### Problem to solve:
The copy you produce must repeat each record exactly and contain no pictures.

START Given information

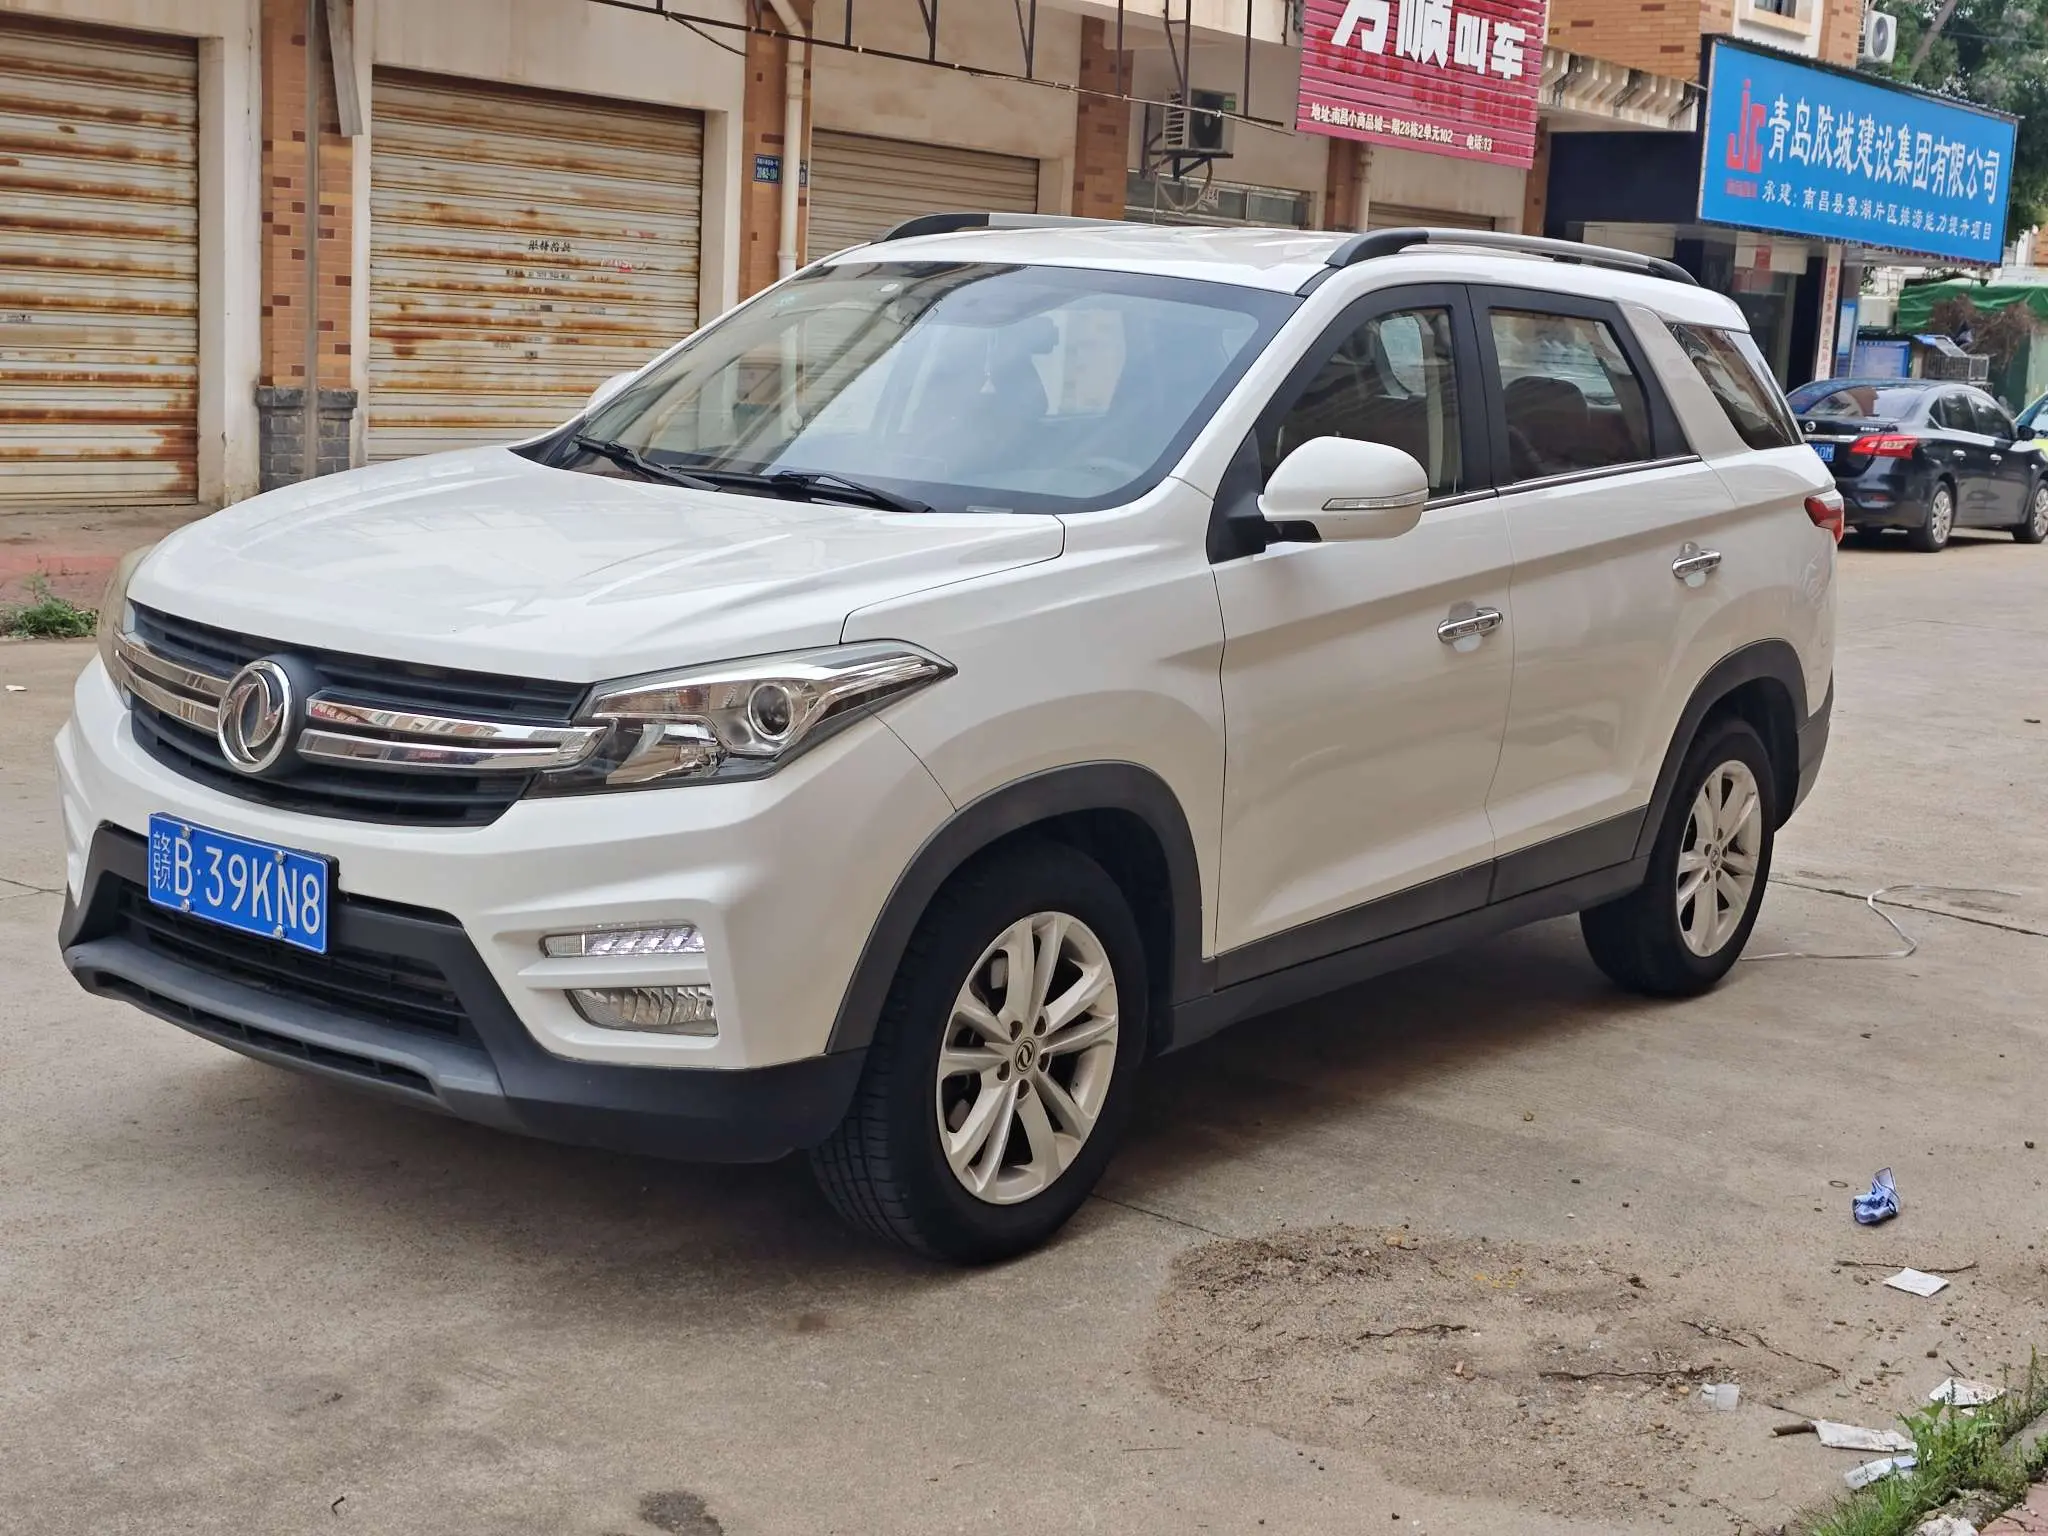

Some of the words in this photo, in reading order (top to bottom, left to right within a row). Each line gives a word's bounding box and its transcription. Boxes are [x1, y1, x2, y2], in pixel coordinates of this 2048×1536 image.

[1767, 93, 2000, 204] 青岛胶城建设集团有限公司
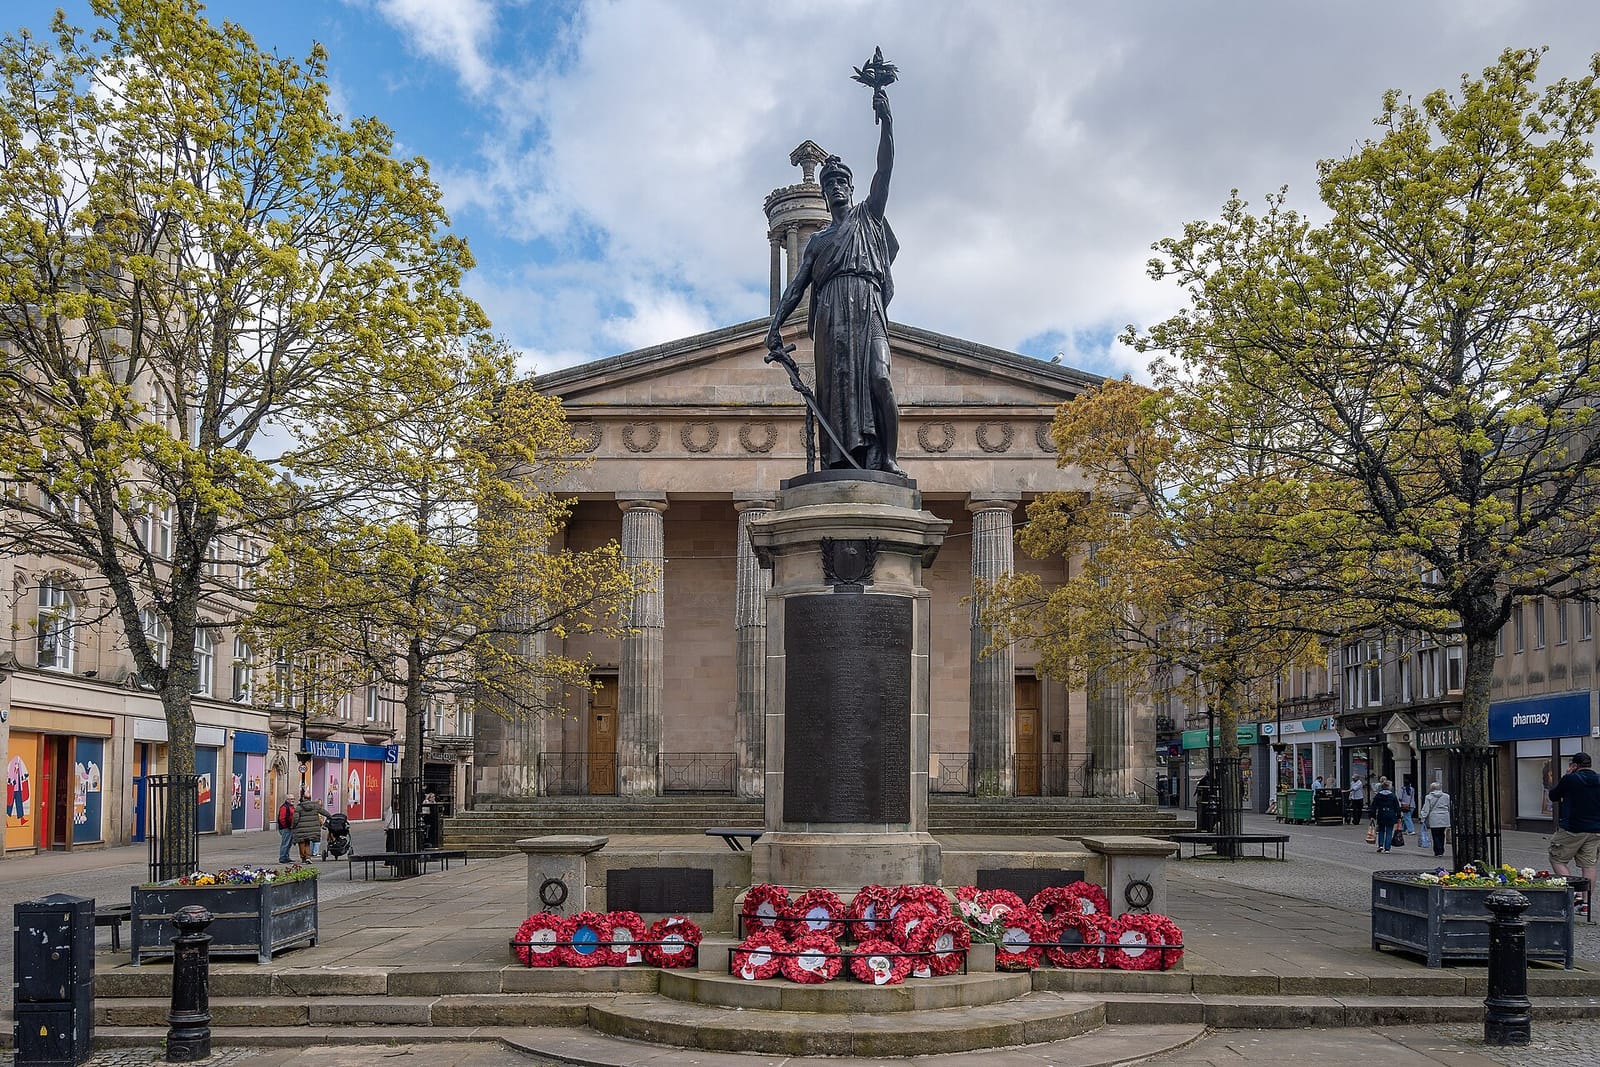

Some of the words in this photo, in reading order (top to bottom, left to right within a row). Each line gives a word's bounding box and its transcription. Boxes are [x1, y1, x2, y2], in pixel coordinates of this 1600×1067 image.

[1512, 712, 1550, 727] pharmacy
[1420, 731, 1446, 747] PANCAKE
[310, 741, 340, 757] WHSmith
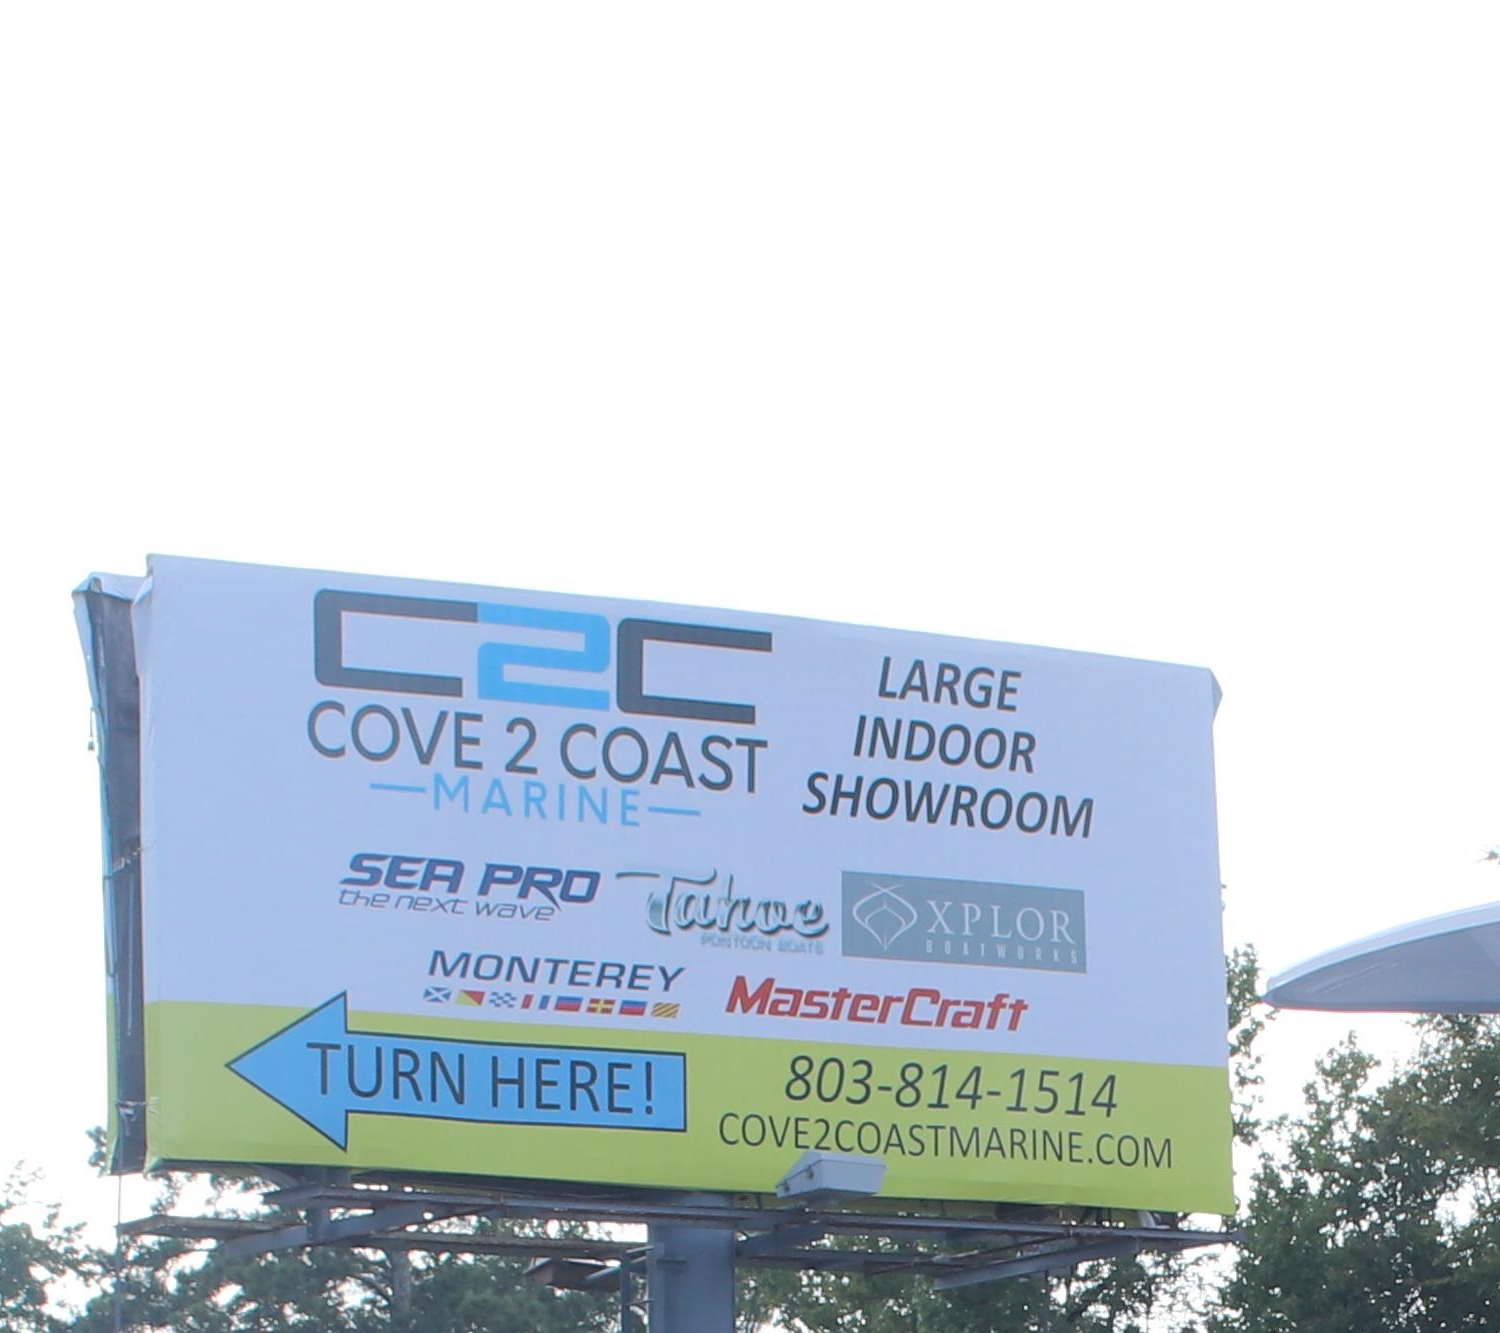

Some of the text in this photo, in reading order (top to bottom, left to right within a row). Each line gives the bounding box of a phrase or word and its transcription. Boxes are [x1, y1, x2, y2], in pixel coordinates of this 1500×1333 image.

[313, 587, 773, 725] C2C
[877, 655, 1022, 712] LARGE
[306, 699, 769, 794] COVE 2 COAST
[853, 714, 1037, 774] INDOOR
[432, 772, 642, 827] MARINE
[801, 770, 1095, 839] SHOWROOM
[338, 888, 558, 922] the next wave
[339, 851, 602, 912] SEA PRO
[615, 868, 830, 937] Tahoe
[925, 938, 1078, 965] BOATWORKS
[926, 899, 1077, 945] XPLOR
[427, 949, 686, 993] MONTEREY
[724, 974, 1029, 1032] MasterCraft
[306, 1041, 655, 1115] TURN HERE!
[784, 1054, 1119, 1119] 803-814-1514
[717, 1111, 1174, 1169] COVE2COASTMARINE.COM

END Given information

### Result of the exercise:
Some of the words in this photo, in reading order (top to bottom, left to right within a row). Each line gives a word's bounding box and its transcription. Boxes are [x1, y1, x2, y2], in pixel coordinates of this 2048×1536 image.

[1767, 93, 2000, 204] 青岛胶城建设集团有限公司

Some of the words in this photo, in reading order (top to bottom, left to right within a row). Each line gives a word's bounding box and its transcription. Boxes are [x1, y1, x2, y2], in pixel coordinates of this 1600×1067 image.

[1512, 712, 1550, 727] pharmacy
[1420, 731, 1446, 747] PANCAKE
[310, 741, 340, 757] WHSmith

Some of the text in this photo, in reading order (top to bottom, left to right within a row). Each line gives the bounding box of a phrase or word and its transcription. Boxes are [x1, y1, x2, y2], in pixel coordinates of this 1500×1333 image.

[313, 587, 773, 725] C2C
[877, 655, 1022, 712] LARGE
[306, 699, 769, 794] COVE 2 COAST
[853, 714, 1037, 774] INDOOR
[432, 772, 642, 827] MARINE
[801, 770, 1095, 839] SHOWROOM
[338, 888, 558, 922] the next wave
[339, 851, 602, 912] SEA PRO
[615, 868, 830, 937] Tahoe
[925, 938, 1078, 965] BOATWORKS
[926, 899, 1077, 945] XPLOR
[427, 949, 686, 993] MONTEREY
[724, 974, 1029, 1032] MasterCraft
[306, 1041, 655, 1115] TURN HERE!
[784, 1054, 1119, 1119] 803-814-1514
[717, 1111, 1174, 1169] COVE2COASTMARINE.COM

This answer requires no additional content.